And that was understandable.
After all, the 17-time Grand Slam winner was playing for the first time since the birth of his second set of twins last week.
“This one is totally OK if it doesn’t hurt,” Federer said. “I tried everything. I can’t do more than that on the court.”
“That passing shot is a tough one for me to take, because he’s not going to make that very often,” Federer said. “But it happens and credit to him to fight his way back into the match and get it.”
Later, top-ranked Rafael Nadal also faced stiff resistance from his French opponent before ultimately wearing down 30th-ranked Gilles Simon for a 7-6 (1), 6-7 (4), 6-2 win that lasted 3 hours, 18 minutes - opening his bid for an eighth Rome title.
Nadal hit 32 winners but just three with his backhand, which has become a point of concern recently.
Also, Wimbledon champion Andy Murray eliminated Marcel Granollers of Spain 6-2, 7-5.

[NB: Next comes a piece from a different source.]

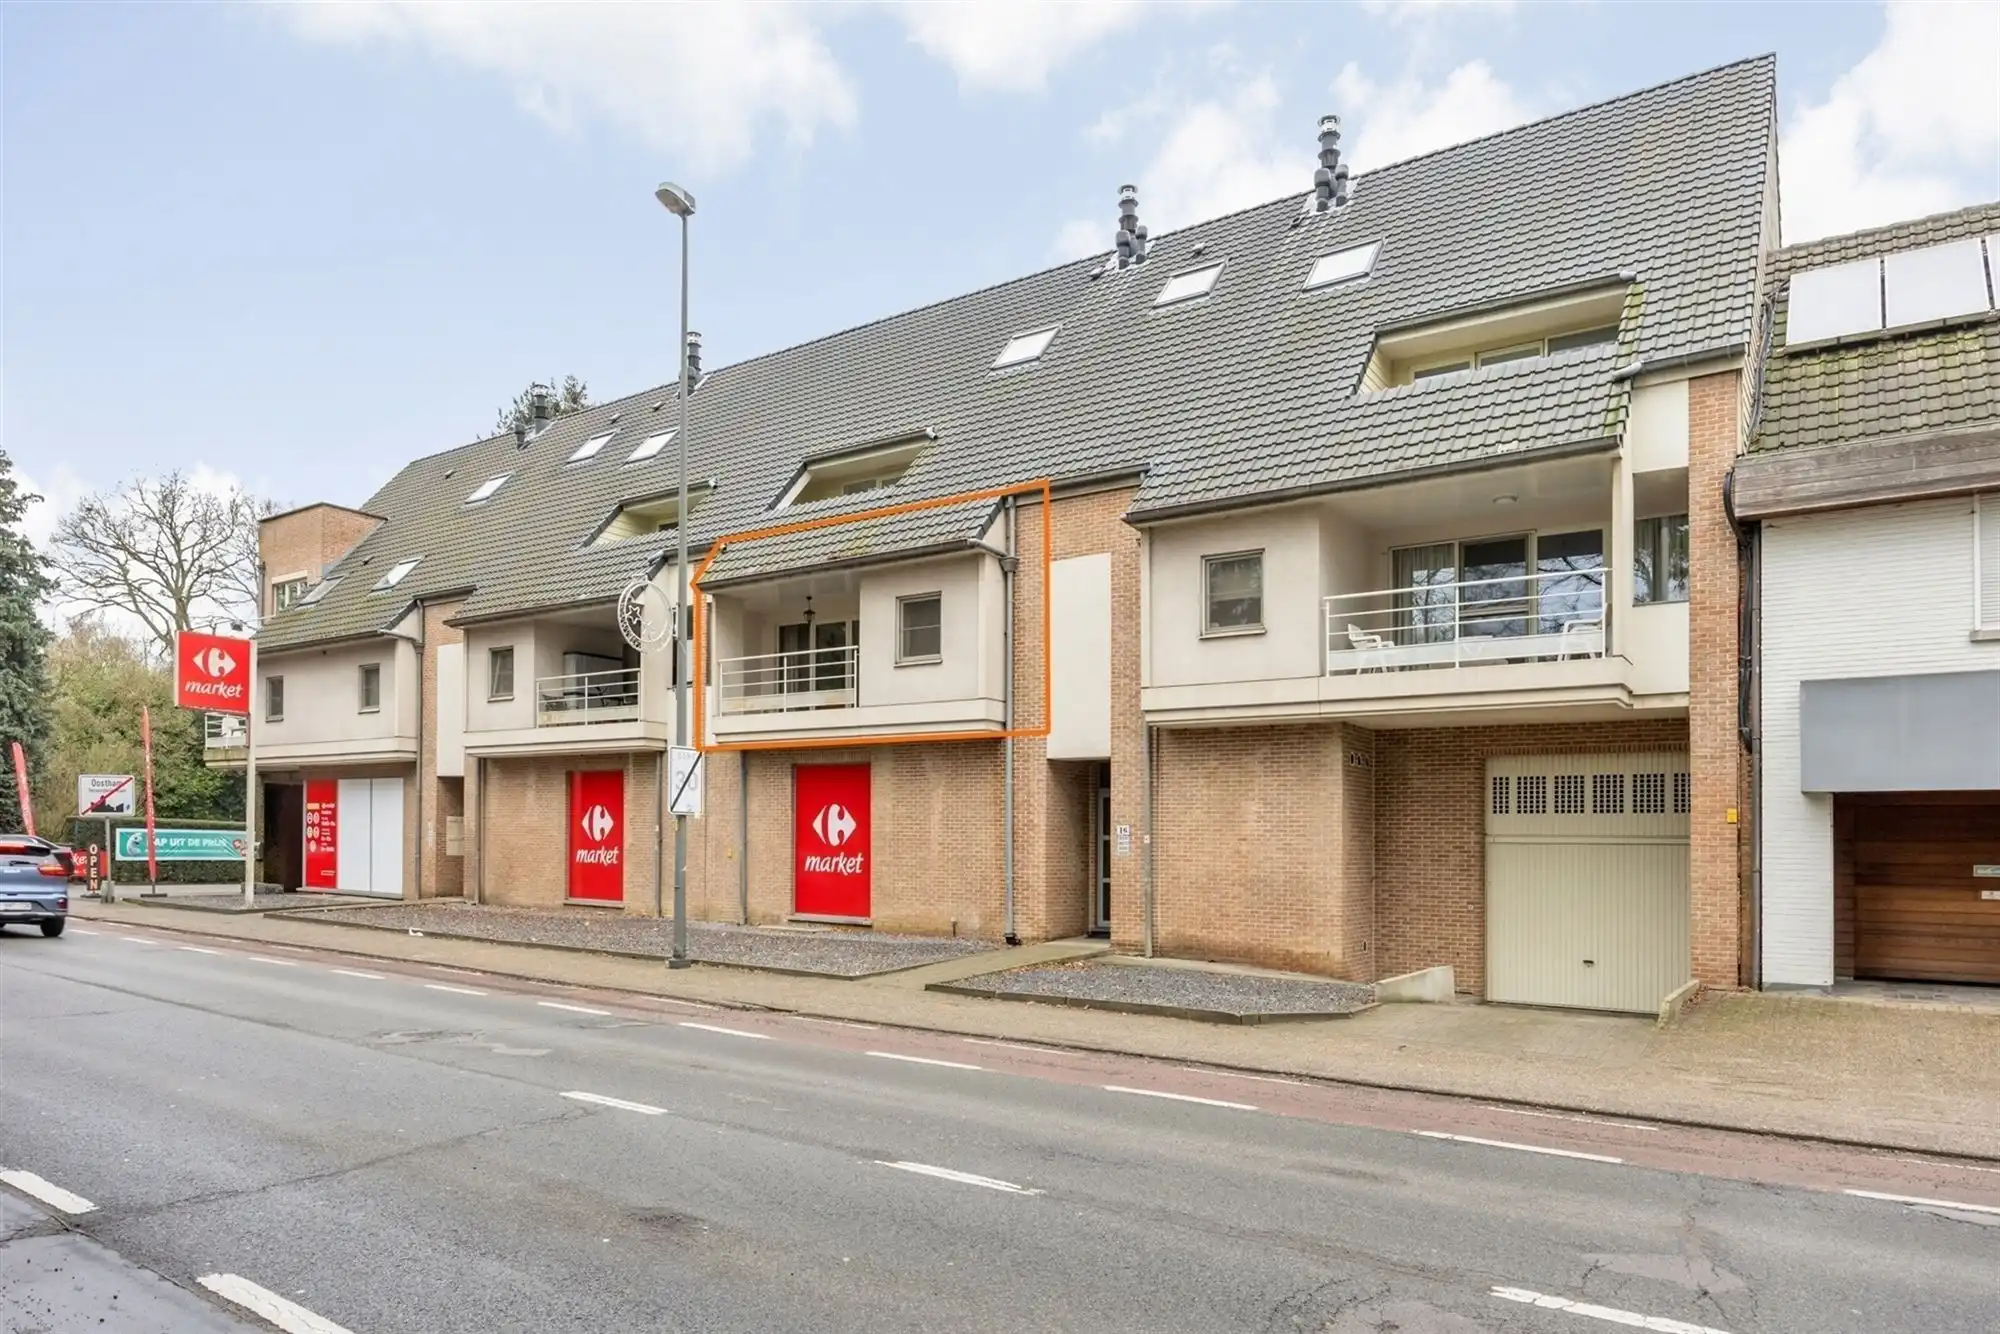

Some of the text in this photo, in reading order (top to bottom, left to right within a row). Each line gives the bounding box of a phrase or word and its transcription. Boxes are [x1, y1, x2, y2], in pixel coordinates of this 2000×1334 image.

Women’s title-holder Serena Williams showed no problems - and no taping - from a left thigh injury that forced her to withdraw from Madrid. The top-ranked American beat 28th-ranked Andrea Petkovic 6-2, 6-2.
“I’m not 100 percent but I’m getting there,” Williams said, adding that the conditions at the U.S. Open prepared her for the heavy wind gusts at the Foro Italico. “If I can play in New York, I can play anywhere.”
Maria Sharapova, the 2011 and 2012 Rome champion, had to rally in the second set to get by Puerto Rican qualifier Monica Puig 6-3, 7-5.